В книжке про мозг, с автором которой Бухман мысленно полемизировал с Нового года, старость была представлена периодом ускоренной гибели нейронов и нарушений многих синоптических связей, резко ослабляющих возможность умственной деятельности. Бухман пока не ощущал слабости своего мозга и старался выбросить из головы думы о слабеющих разумом сверстниках, чтобы самому не отчаиваться раньше времени. Про Скачкова он тоже постарался забыть, для чего сосредоточился на заочной полемике с умным книжником.
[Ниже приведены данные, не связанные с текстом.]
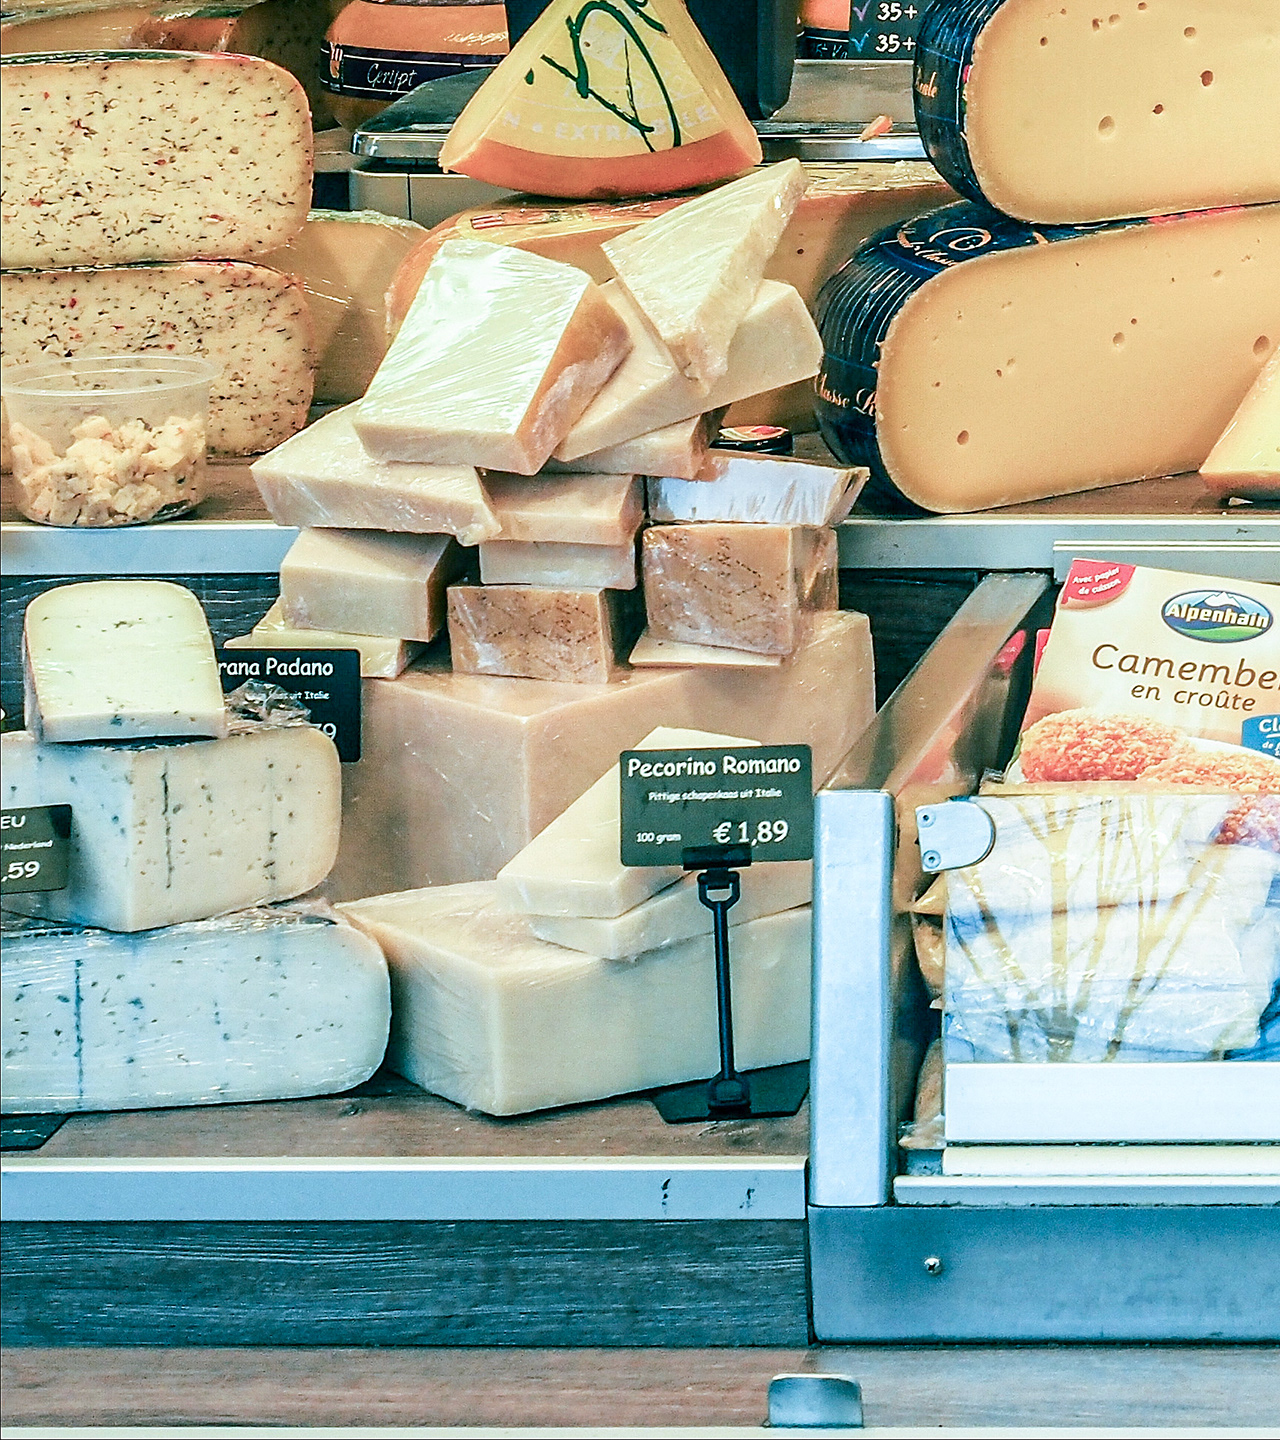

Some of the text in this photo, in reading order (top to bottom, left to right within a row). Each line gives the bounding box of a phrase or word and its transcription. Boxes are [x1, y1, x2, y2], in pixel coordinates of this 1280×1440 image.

Тот слишком вульгарно подходил к такой сложной системе, как человеческий мозг. В первом приближении этот ученый выделял в нем три одновременно функционирующие подсистемы сознания: древнюю, сформировавшуюся миллионы лет назад в результате естественного отбора и передающуюся детям от родителей; старую, результат искусственного отбора в последние сто тысяч лет в виде общественной культурной традиции, загружаемой путем воспитания и обучения в специально появившееся для этой цели пространство коры; и молодую, всего нескольких тысяч лет от роду, конкурирующую за место в том же пространстве культурного наполнения и способную путем самодеятельного творчества менять культурную традицию общества.
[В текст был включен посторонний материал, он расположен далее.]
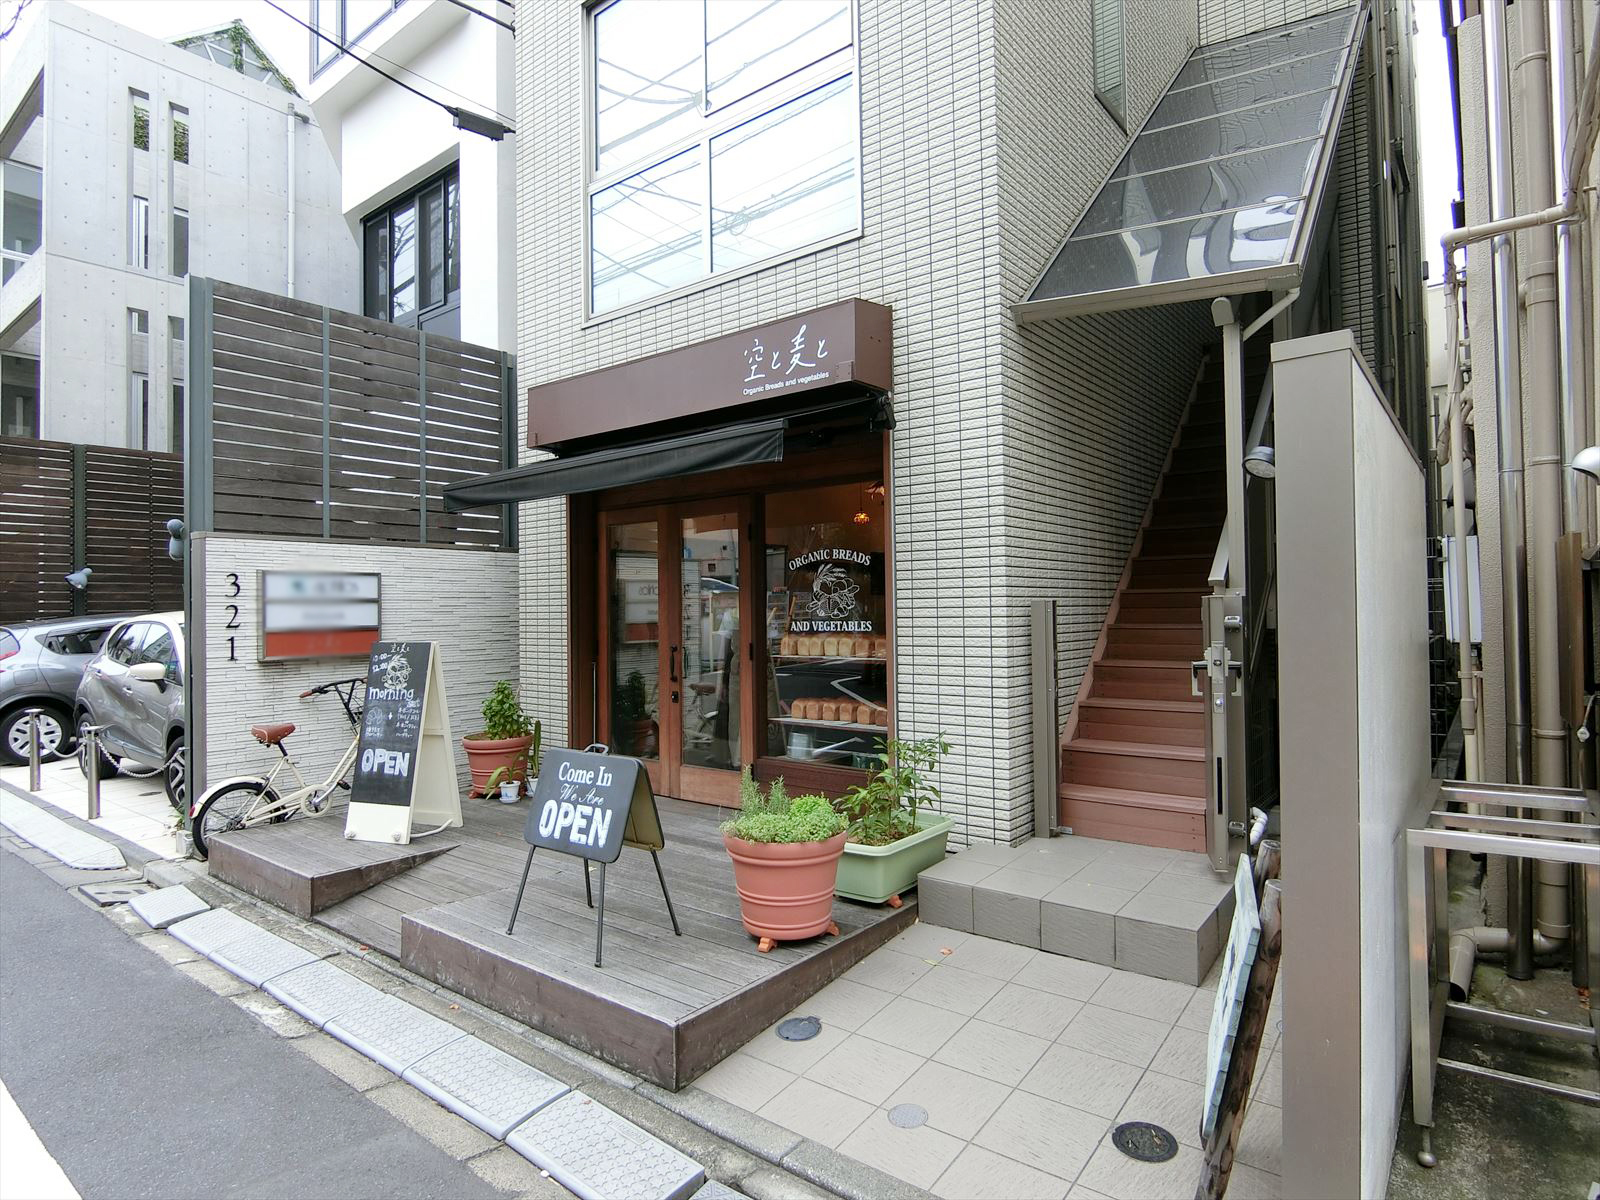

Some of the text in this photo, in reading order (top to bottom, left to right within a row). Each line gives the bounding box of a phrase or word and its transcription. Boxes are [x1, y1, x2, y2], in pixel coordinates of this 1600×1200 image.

[743, 324, 828, 382] 空と麦と
[743, 371, 830, 396] Organic Breads and vegetables
[788, 548, 872, 571] ORGANIC BREADS
[225, 573, 241, 598] 3
[225, 605, 241, 629] 2
[790, 620, 873, 632] AND VEGETABLES
[227, 636, 239, 662] 1
[368, 686, 415, 701] morning
[361, 748, 411, 777] OPEN
[558, 761, 613, 787] Come In
[559, 782, 605, 806] We Are
[538, 799, 613, 849] OPEN
Утверждалось, что самые сильные и скрытые человеческие желания являются продуктом инстинктов и гормонов и направлены на решение простых биологических задач: поиск пищи (денег), стремление к размножению (сексу) и доминированию (власти). Если согласиться с автором, то стремление к золотому унитазу будет не сильно отличаться от тайного духовного подвига, поскольку в обоих случаях реализуется мотив доминирования, и мозг получает заслуженный внутренний наркотик и ощущение торжества над окружающими.
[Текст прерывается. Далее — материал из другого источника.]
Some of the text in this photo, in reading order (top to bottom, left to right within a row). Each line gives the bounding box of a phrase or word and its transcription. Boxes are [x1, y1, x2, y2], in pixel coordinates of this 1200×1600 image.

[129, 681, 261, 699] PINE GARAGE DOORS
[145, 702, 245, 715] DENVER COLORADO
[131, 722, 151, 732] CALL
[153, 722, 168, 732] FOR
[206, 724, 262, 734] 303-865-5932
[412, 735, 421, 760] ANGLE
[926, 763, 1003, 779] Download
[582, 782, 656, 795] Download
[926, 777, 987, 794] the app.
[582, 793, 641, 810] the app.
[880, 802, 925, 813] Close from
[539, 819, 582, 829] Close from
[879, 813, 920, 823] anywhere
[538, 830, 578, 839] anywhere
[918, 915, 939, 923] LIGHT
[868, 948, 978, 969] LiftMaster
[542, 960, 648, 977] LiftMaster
Отвечающей за врожденные инстинкты древней системе мозга противостоит кора больших полушарий, хранящая социальные инстинкты, опыт и центр мышления. «Кора не способна выдавать однозначные решения, характерные для лимбической системы. В коре всегда возникает несколько вариантов поступков, которые усиливают сомнения в правильности выбора. В конечном счете это вызывает беспокойство, внутреннюю неуверенность и отказ от рассудочного поиска ответов на возникшие вопросы».
Устав искать разумный ответ, человек, по мысли автора, отдается обычно на произвол лимбической системе. Результат такого выбора всегда будет «недальновидным и эгоистичным, но самым выгодным в данный момент».
Вместе с тем, кора мозга обладает свойством дальновидности и предсказания отсроченного результата любых поступков. Ее рассудочный прогноз, сформированный вместе с памятью и ассоциативными центрами мозга, может побороть сиюминутные решения инстинктов и гормонов.
Получалось, что поведение человека зачастую противоречиво в силу объективной двойственности его сознания. В целом, «двойственность сознания может принимать чрезвычайно сложные формы и <…> приводить как к торжеству разума, так и к победе плоти. Мы не можем повлиять на <…> организацию нашего несчастного мозга. Однако понимание природы явления поможет избавиться от наивных заблуждений и бессмысленных страданий».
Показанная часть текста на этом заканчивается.